Transformation of odontogenic keratocyst into a solid variant of odontogenic keratocyst/keratoameloblastoma. Mammalia

Keratoameloblastoma (KA) and solid variant of odontogenic keratocyst (SOKC) are rare odontogenic lesions, and their relationship and differences are controversial. In this report, we aimed to describe a case that started as an odontogenic keratocyst (OKC) and transformed to SOKC/KA upon recurrence. A 26-year-old male who presented with swelling in the right cheek was referred to our department. At the initial visit, unicystic bone permeation images were observed extending from the right canine to the molar, maxillary sinus, and nasal cavity.
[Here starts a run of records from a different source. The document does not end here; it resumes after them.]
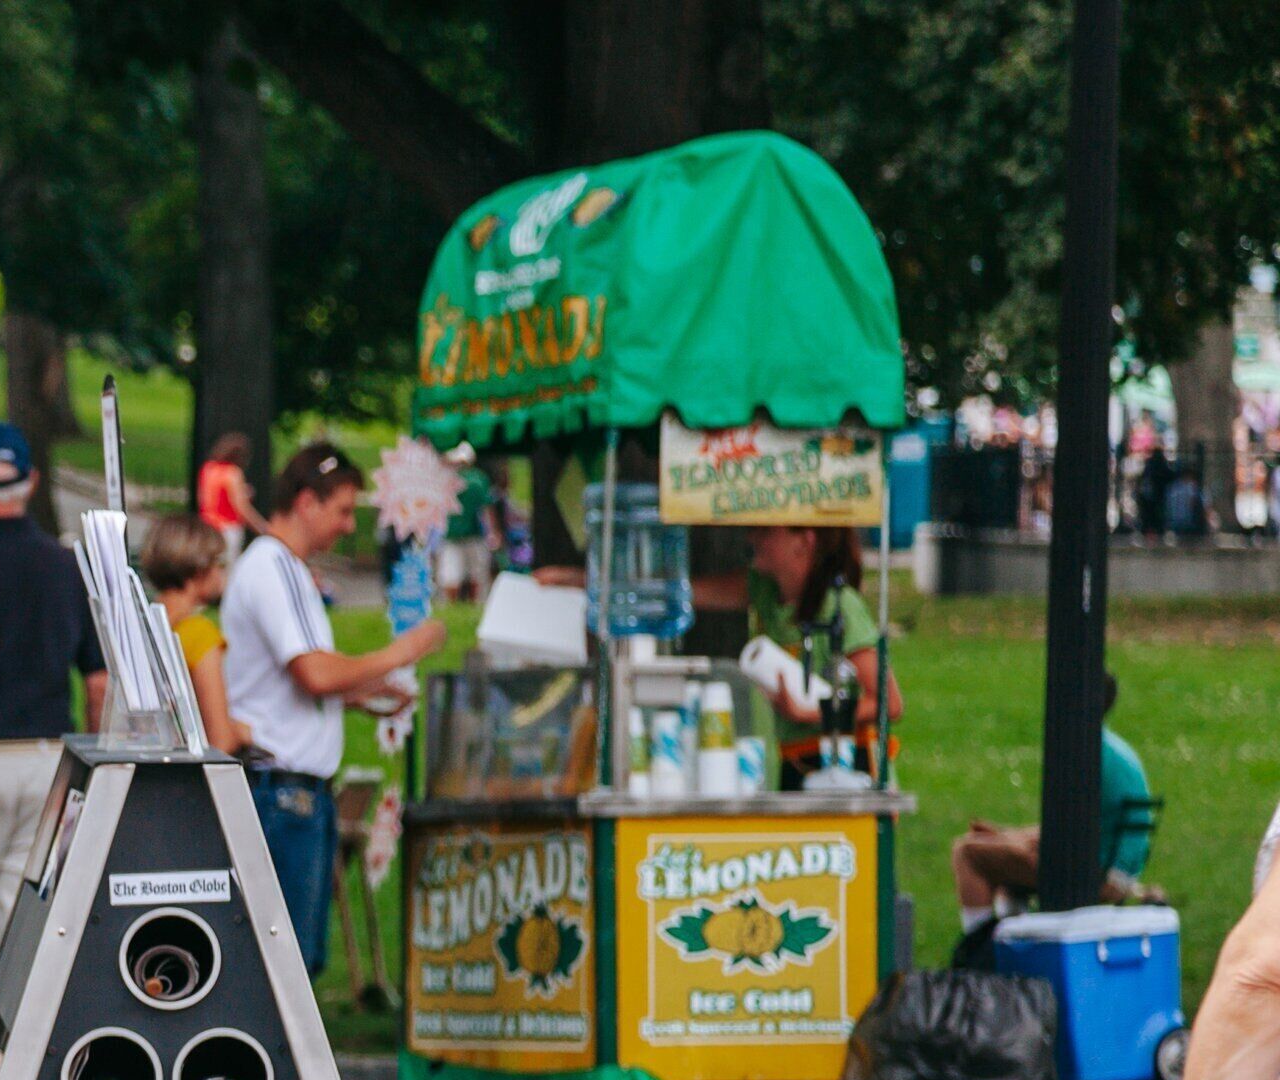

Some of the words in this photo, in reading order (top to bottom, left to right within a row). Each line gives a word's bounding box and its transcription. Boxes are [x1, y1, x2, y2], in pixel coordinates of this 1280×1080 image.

[711, 472, 871, 517] LEMONADE
[112, 882, 138, 897] The
[140, 881, 187, 897] Boston
[190, 879, 227, 895] Globe
[414, 838, 588, 949] LEMONADE
[642, 845, 854, 898] LEMONADE
[691, 991, 735, 1013] Ice
[743, 989, 812, 1013] Cold
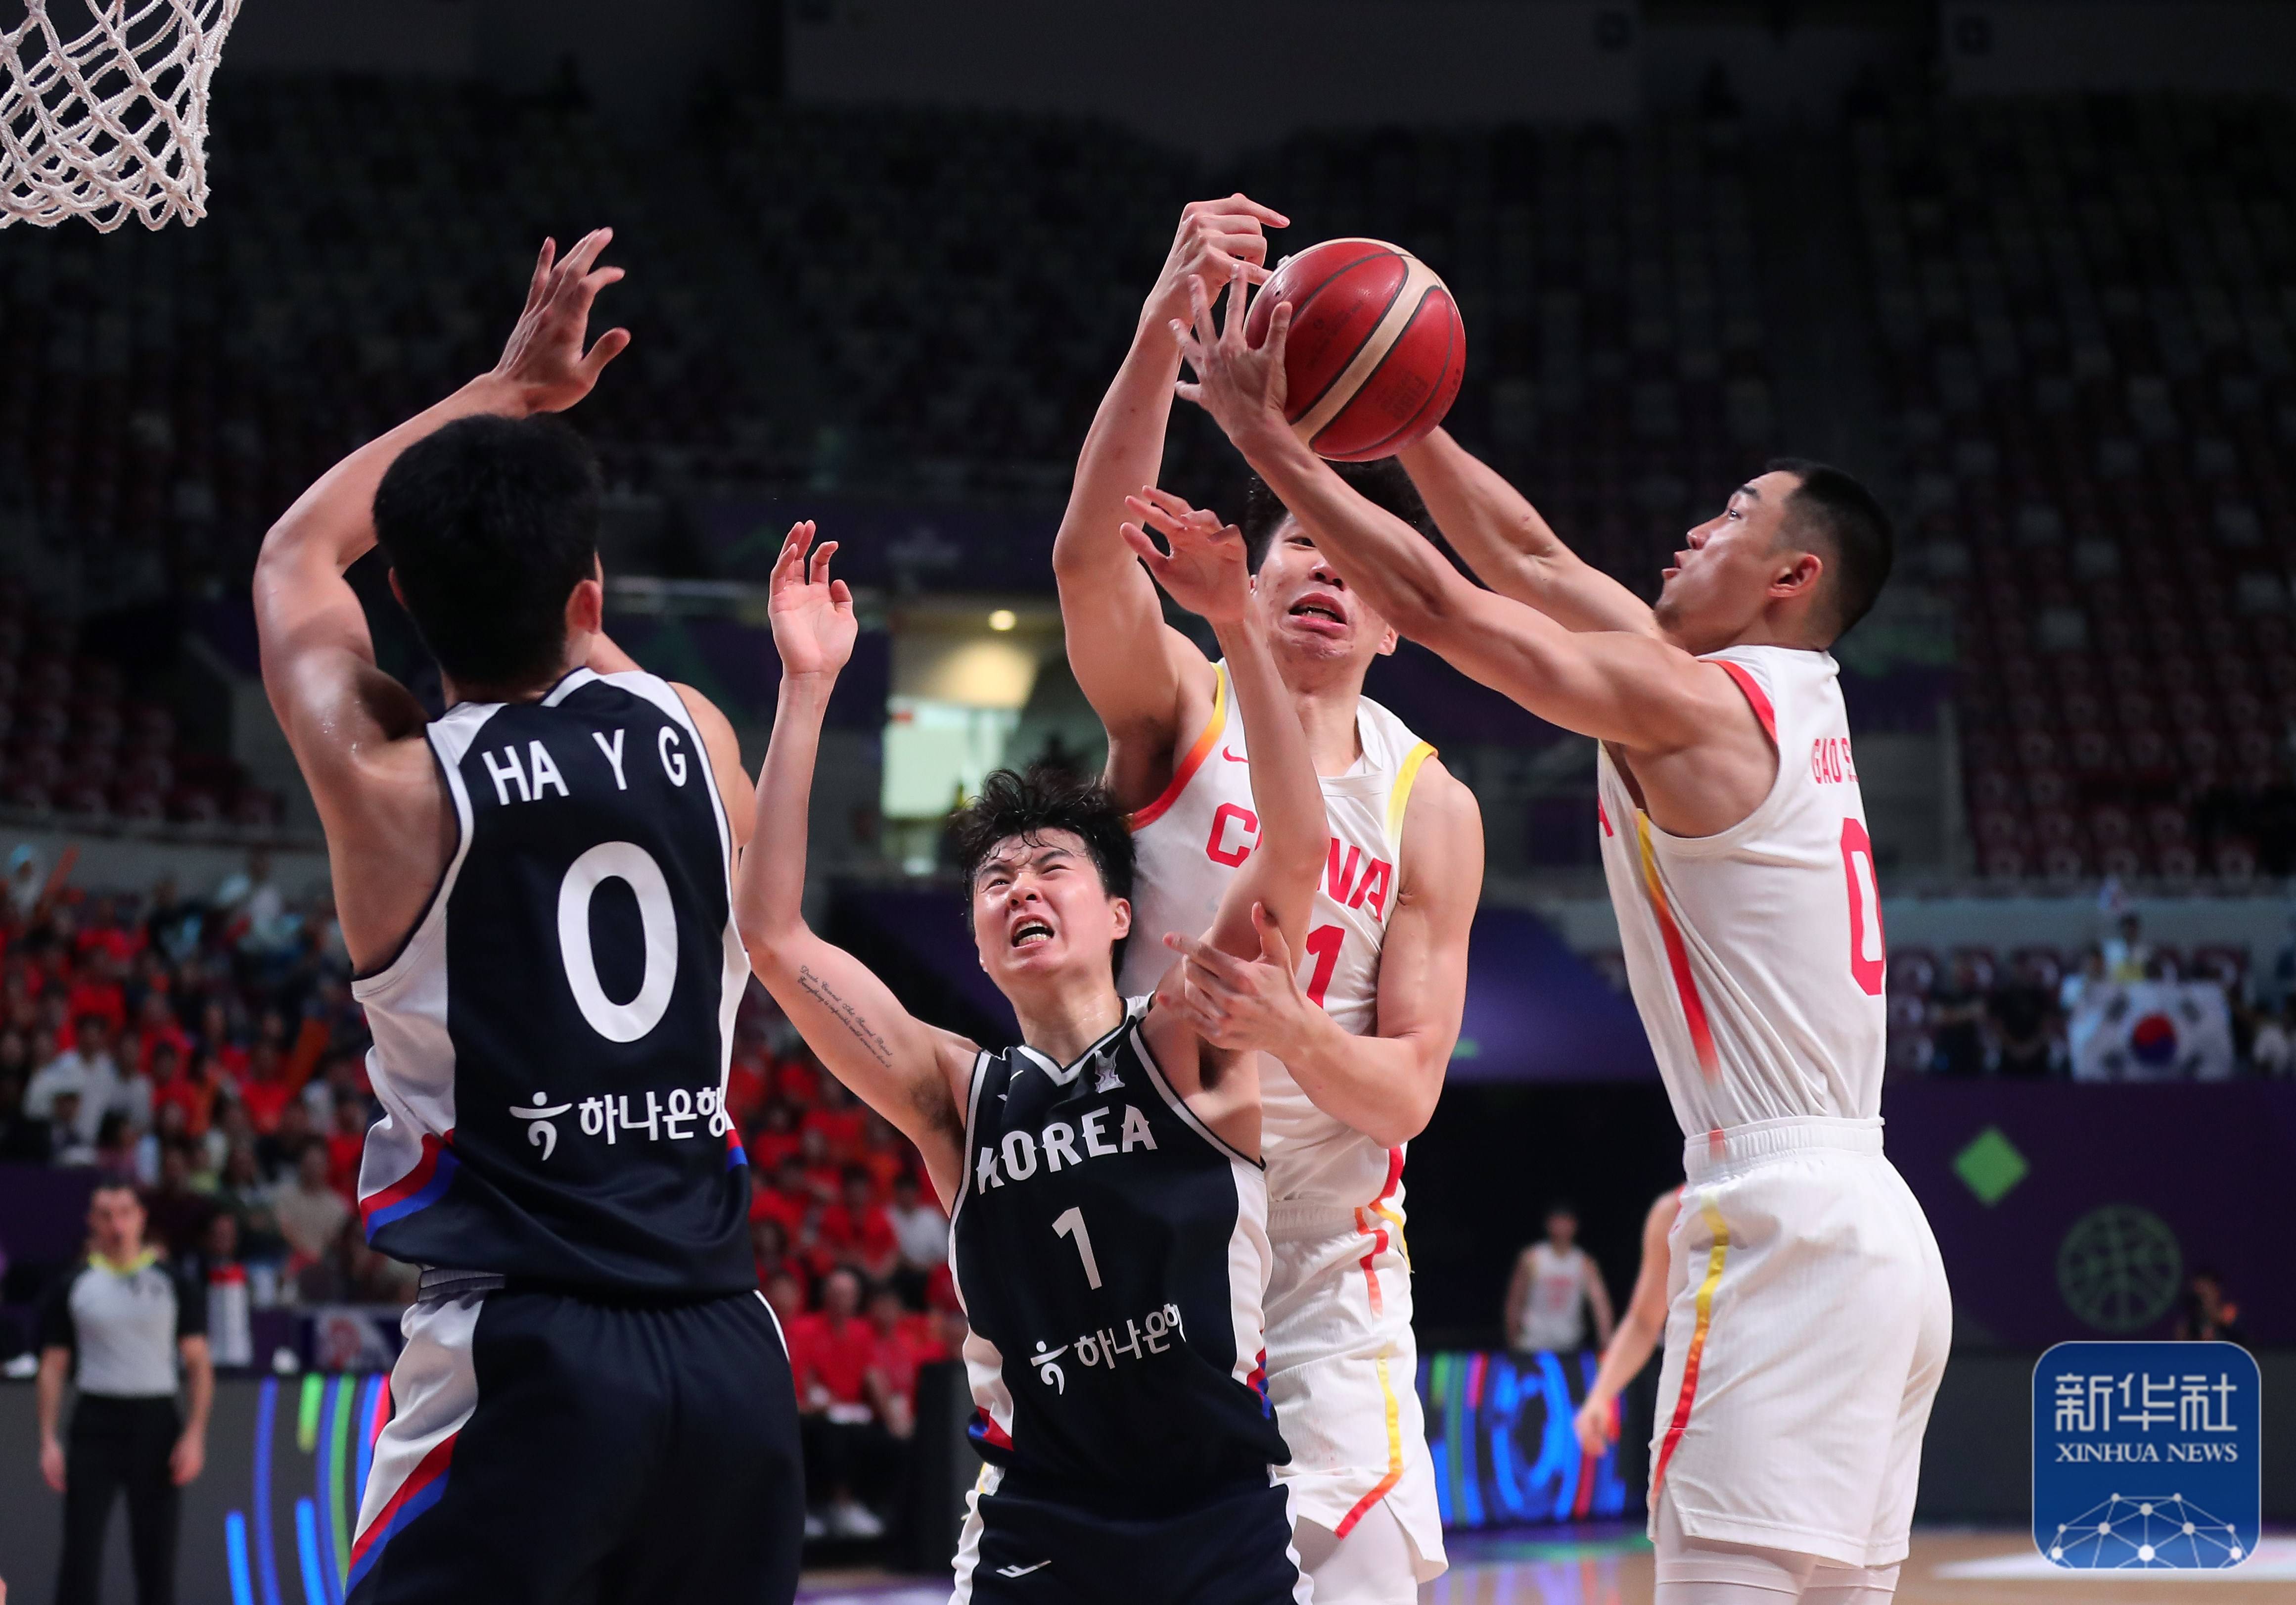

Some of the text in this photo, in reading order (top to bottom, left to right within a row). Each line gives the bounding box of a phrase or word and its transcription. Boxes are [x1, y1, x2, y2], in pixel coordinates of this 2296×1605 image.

[481, 726, 688, 805] HA Y G
[1811, 737, 1843, 784] GAO
[1205, 802, 1392, 923] CNA
[557, 841, 678, 1043] 0
[1839, 817, 1886, 996] 0
[578, 1086, 726, 1145] 하나은행
[976, 1104, 1158, 1195] KOREA
[1052, 1206, 1102, 1290] 1
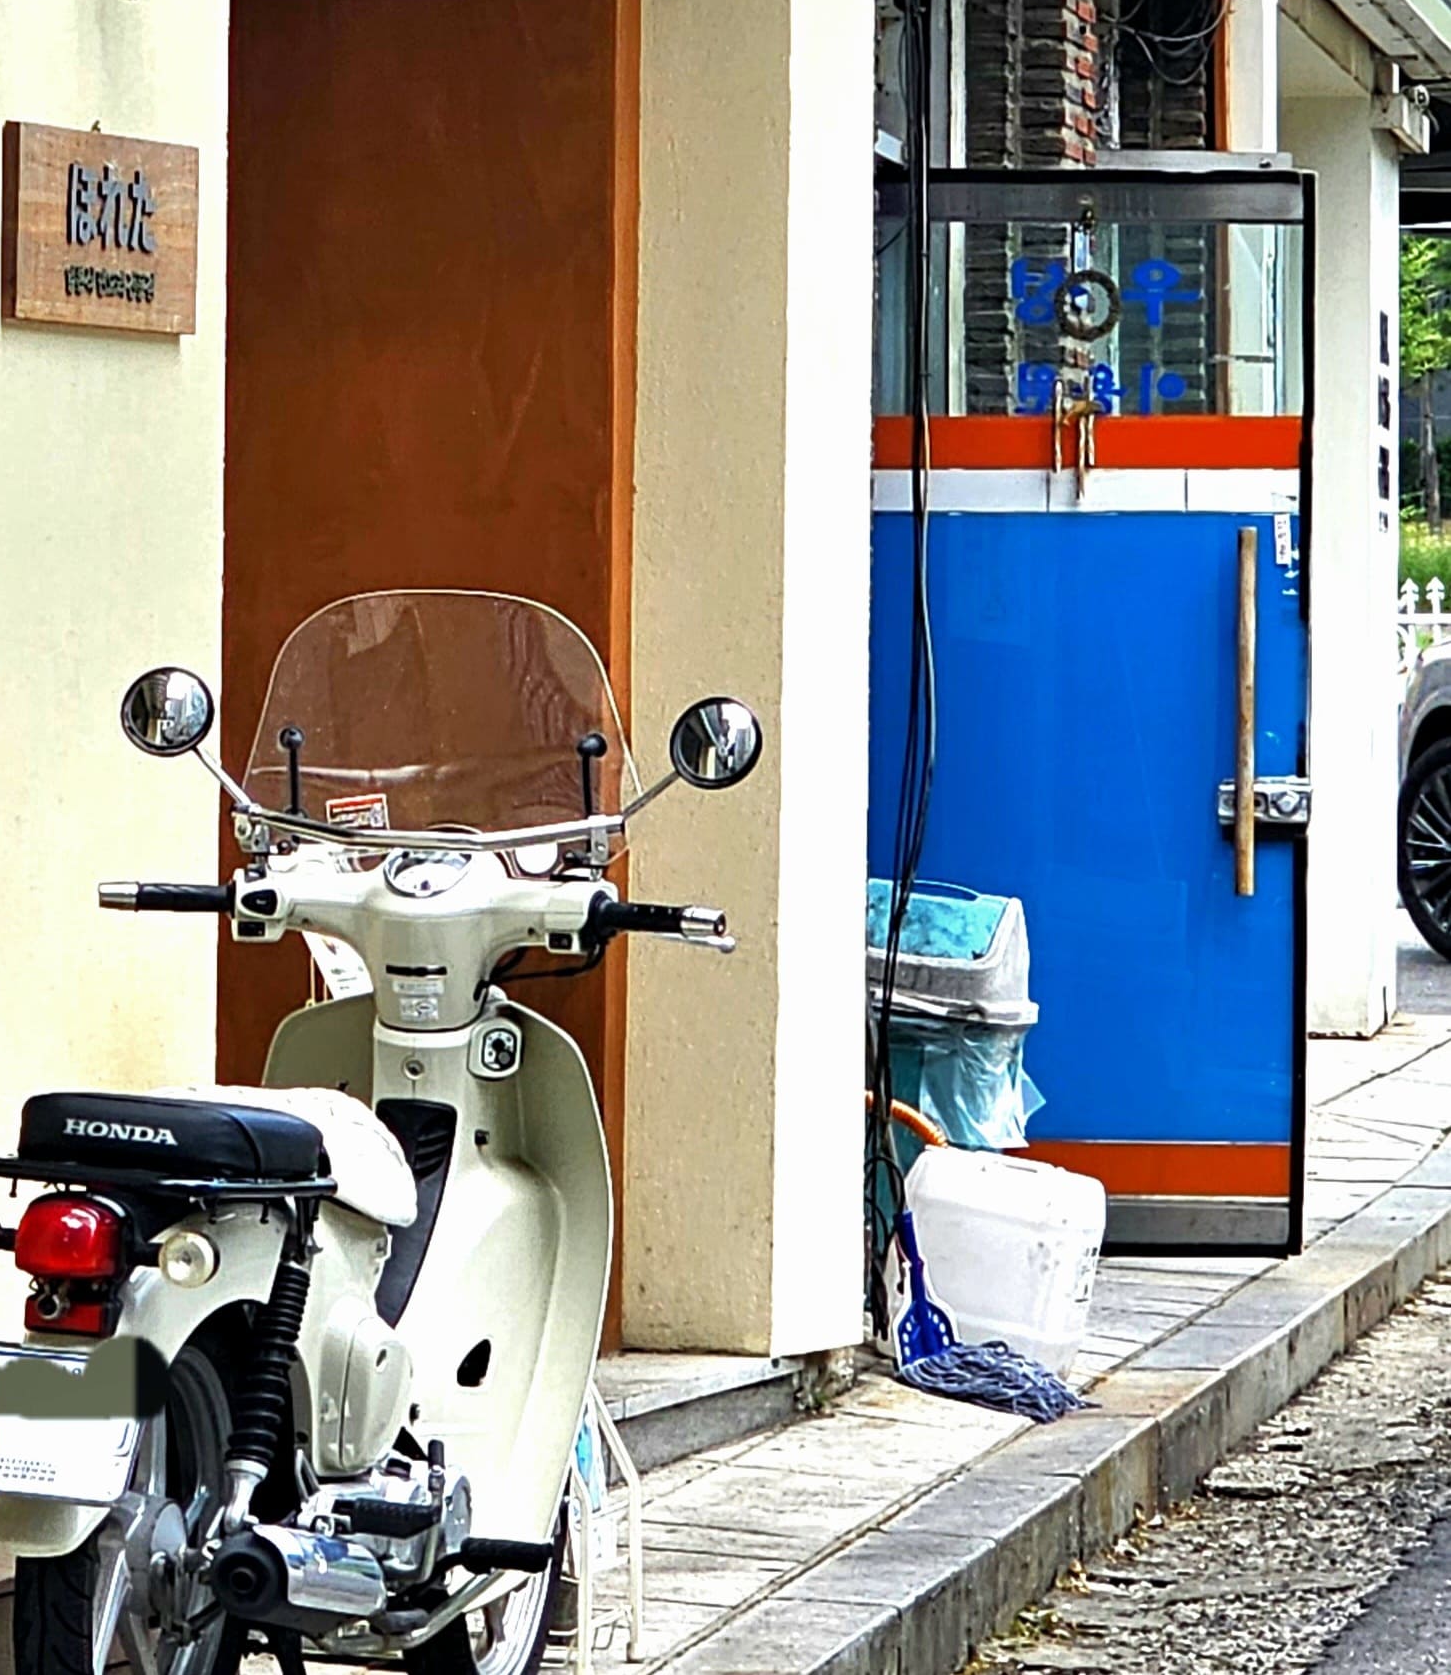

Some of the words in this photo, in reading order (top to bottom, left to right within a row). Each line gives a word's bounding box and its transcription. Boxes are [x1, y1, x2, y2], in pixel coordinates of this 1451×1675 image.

[66, 161, 157, 254] ほれた
[63, 1118, 178, 1146] HONDA
After the biopsy, the patient underwent excisional surgery and was diagnosed as OKC. Thereafter, the lesion recurred six times over a period of 13 years and showed different histopathological features from those of the primary lesion, all consisted of numerous cysts with keratinization and were diagnosed as SOKC/KA. The Ki-67 positivity rate was approximately 10%, which was higher than that of the primary lesion, but there was no atypia. Genetic analysis of the recurrent lesion revealed mutations in APC and KRAS. This case originated from OKC, and the morphological features of OKC and KA were mixed upon recurrence, supporting the commonality and association between the two. However, multiple mutations different from those of OKC and ameloblastoma were detected, suggesting an association with increased proliferative activity and a high recurrence rate.